The Moderates maintain that Rhode Island’s twin rules that to get official recognition a party must gather valid signatures equivalent to five percent of the number of voters in the recent presidential election year — with the huge turnout in 2008, that amounts to just under 23,600 — and that they can not even start collecting those names until Jan. 1 of next year, is an unconstitutionally high barrier for a new party to be forced to meet.
ACLU Attorney Mark Freel, representing the Moderates, told the court that there are significant advantages to a party being recognized in a year before an election, including fundraising and recruiting candidates who can be sure they are affiliating with a party that will be on the ballot come election time.
After the hearing, Block told reporters that the judge got to the nub of the issue when he observed, “it seems the system is set up so a party can’t focus on the General Assembly as Mr. Block wants to focus,” because all the benchmarks are set to presidential or gubernatorial elections.
“That’s the crux of the issue,” Block said, because the General Assembly writes the election laws “and the Democratic Party owns the General Assembly.”
Freel added that the system “is currently based on propagating (ballot access) from election cycle to election cycle” by having a candidate for governor or president who gets 5 percent of the vote.
“But how do you get there in the first place?” he asked.
Block testified that to garner the more than 23,000 valid signatures needed for recognition, the party would likely have to collect about 35,000 “raw signatures” that would then be vetted by local boards of canvassers to make sure the signers are registered to vote and still live at the address where they are registered.
He noted that as an unrecognized party that can only operate as a political action committee, the Moderates can accept only $1,000 from any single donor and spend only $1,000 on any single candidates. Recognized political parties, on the other hand, can raise up to $10,000 from any individual and can spend as much as it likes to support any candidate.

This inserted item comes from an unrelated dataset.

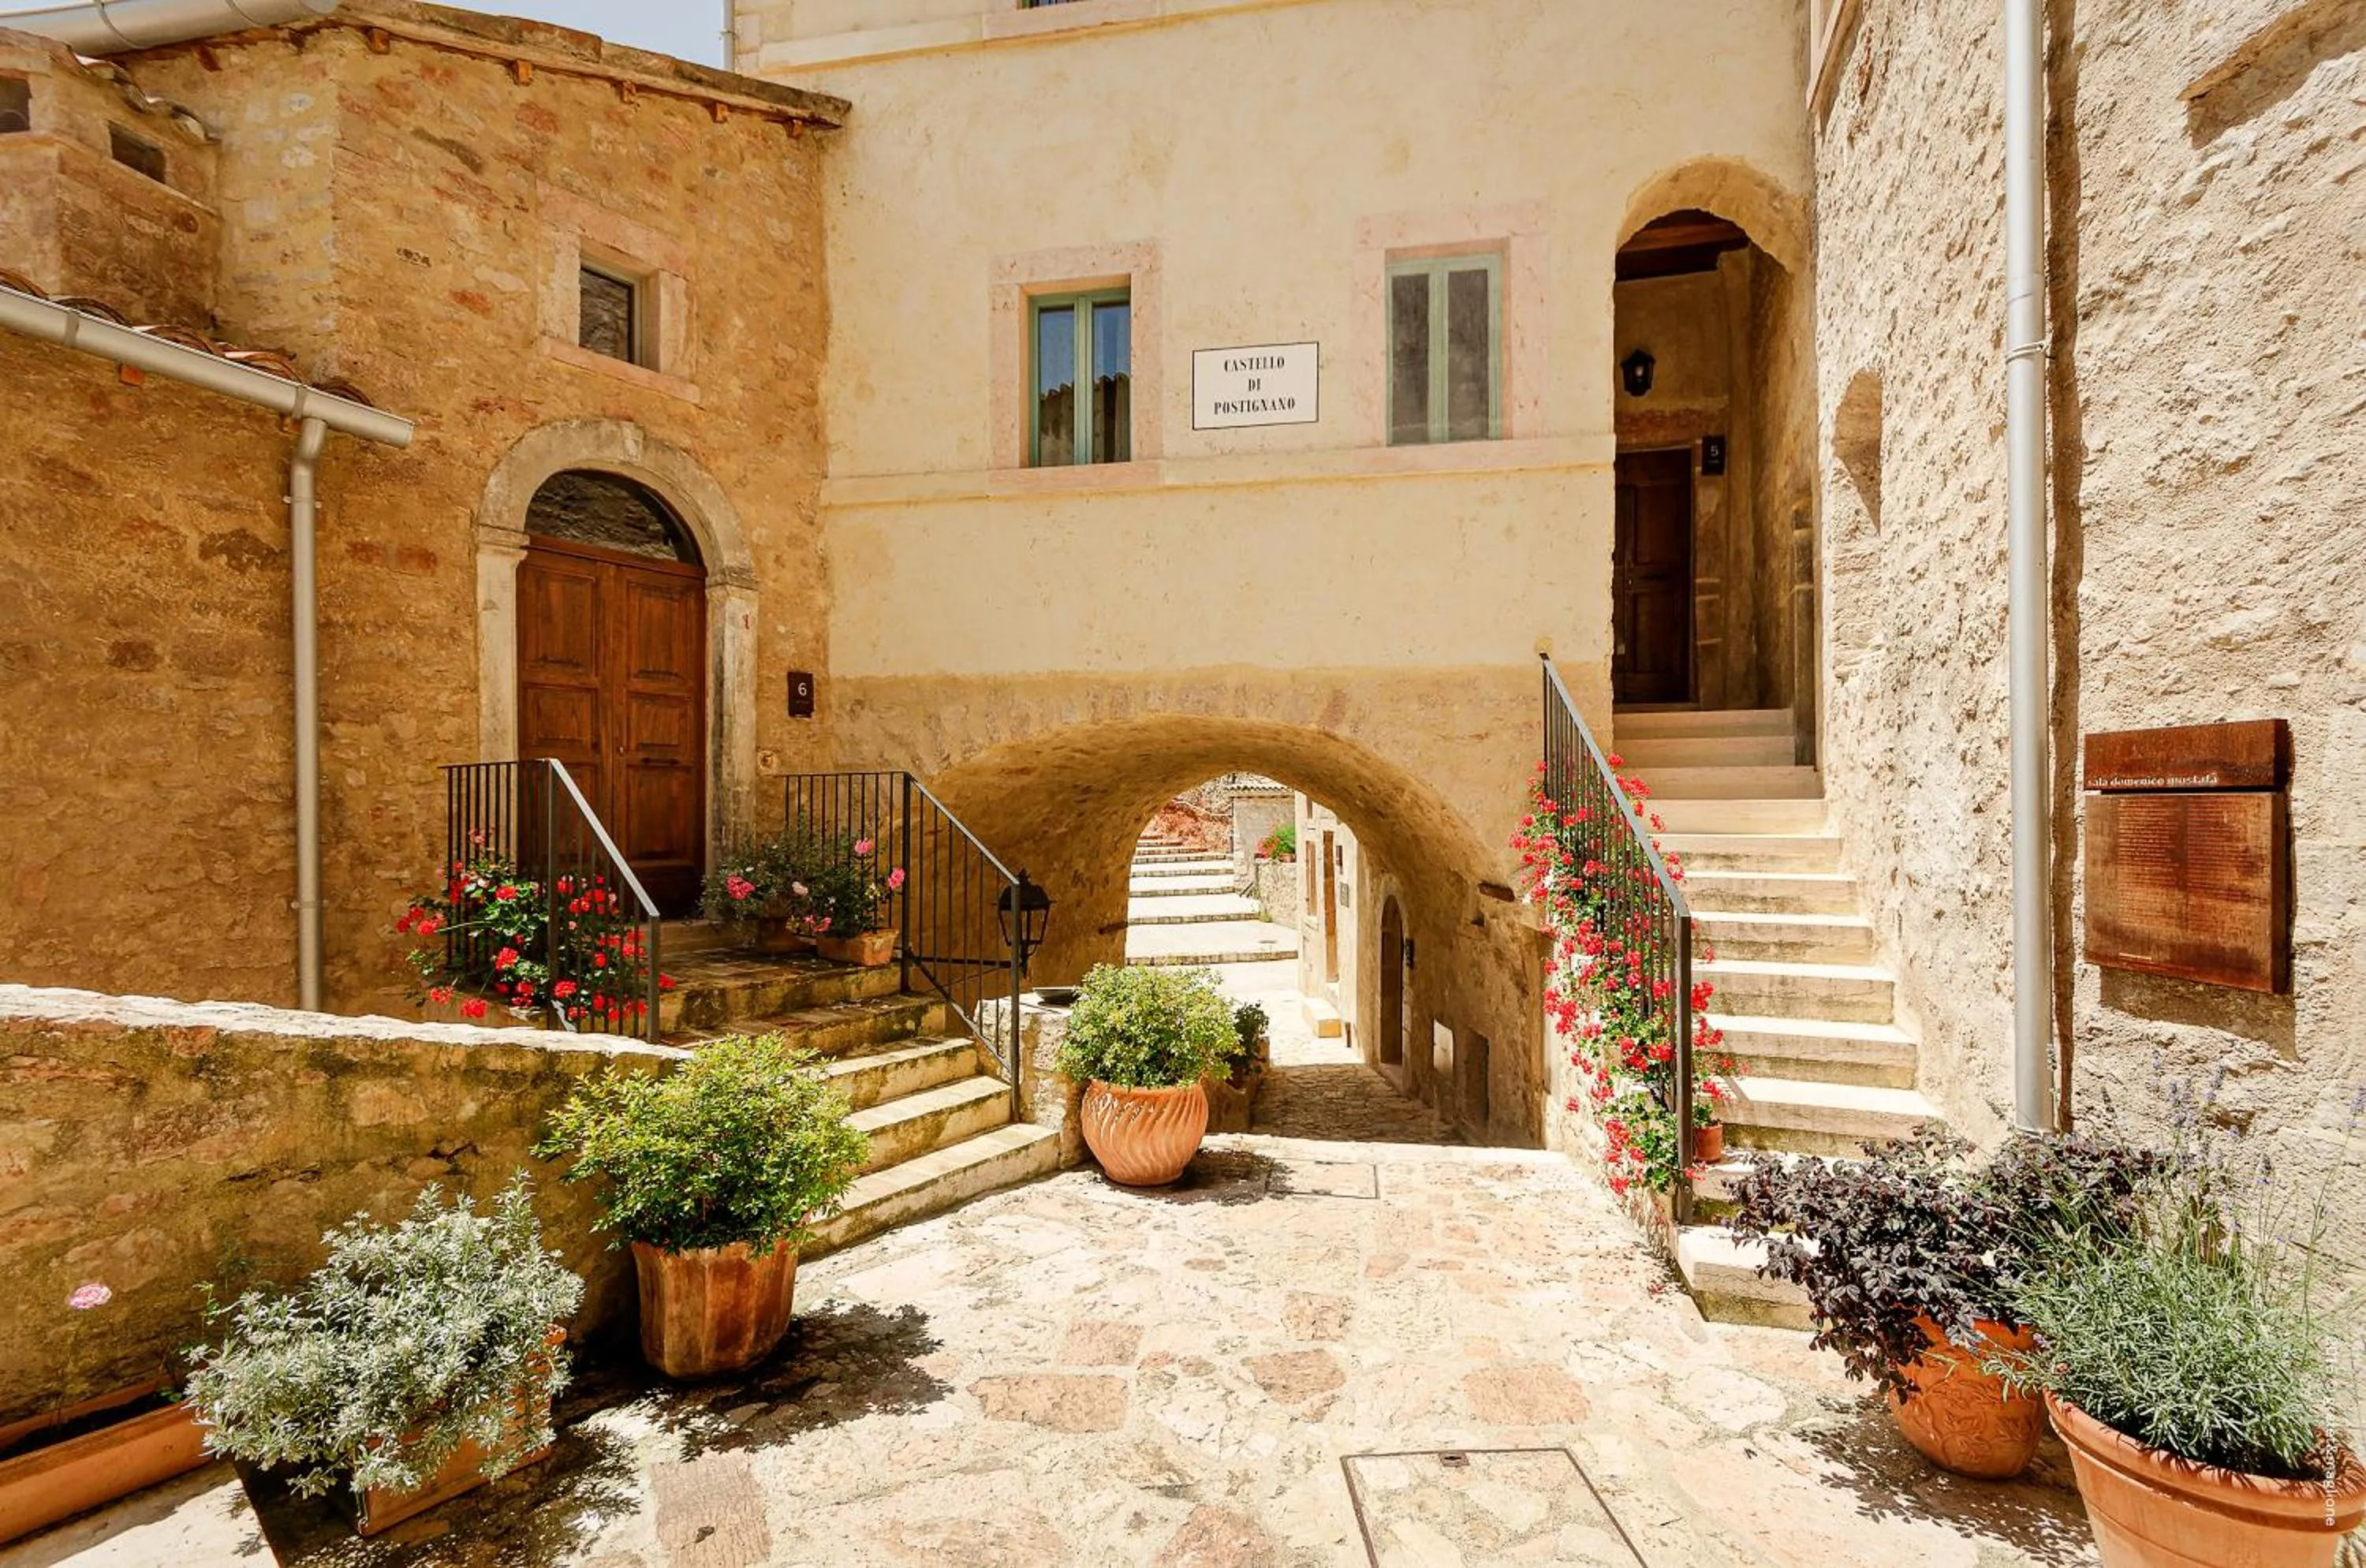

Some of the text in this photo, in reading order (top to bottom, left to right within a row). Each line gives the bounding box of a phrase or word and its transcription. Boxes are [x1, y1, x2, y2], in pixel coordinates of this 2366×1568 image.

Palombo suggested during the trial that the Moderate Party could gain its official recognition by running a candidate for governor next year who gets at least 5 percent of the vote. But Block and Freel noted that would ace them out of General Assembly races in 2010.
“There is no way for us to participate in this election that allows us to compete on a level playing field with the Democratic and Republican parties.
Forcing a party to get on the ballot by a particular candidate receiving 5 percent of the vote or more, leaves that party beholden to “the limited shelf life of one person,” citing Robert Healey who put the Cool Moose Party on the ballot after the 1994 gubernatorial race, H. Ross Perot who won ballot status for the Reform Party after the 1992 presidential race and Ralph Nader, who did the same for the Green Party after the 1996 presidential contest.
Acknowledging that the state has “a stringent petition statute, Palombo argued that a party needs “a preliminary showing of a significant modicum of support. Mr. Block and the Moderate Party do not have that.”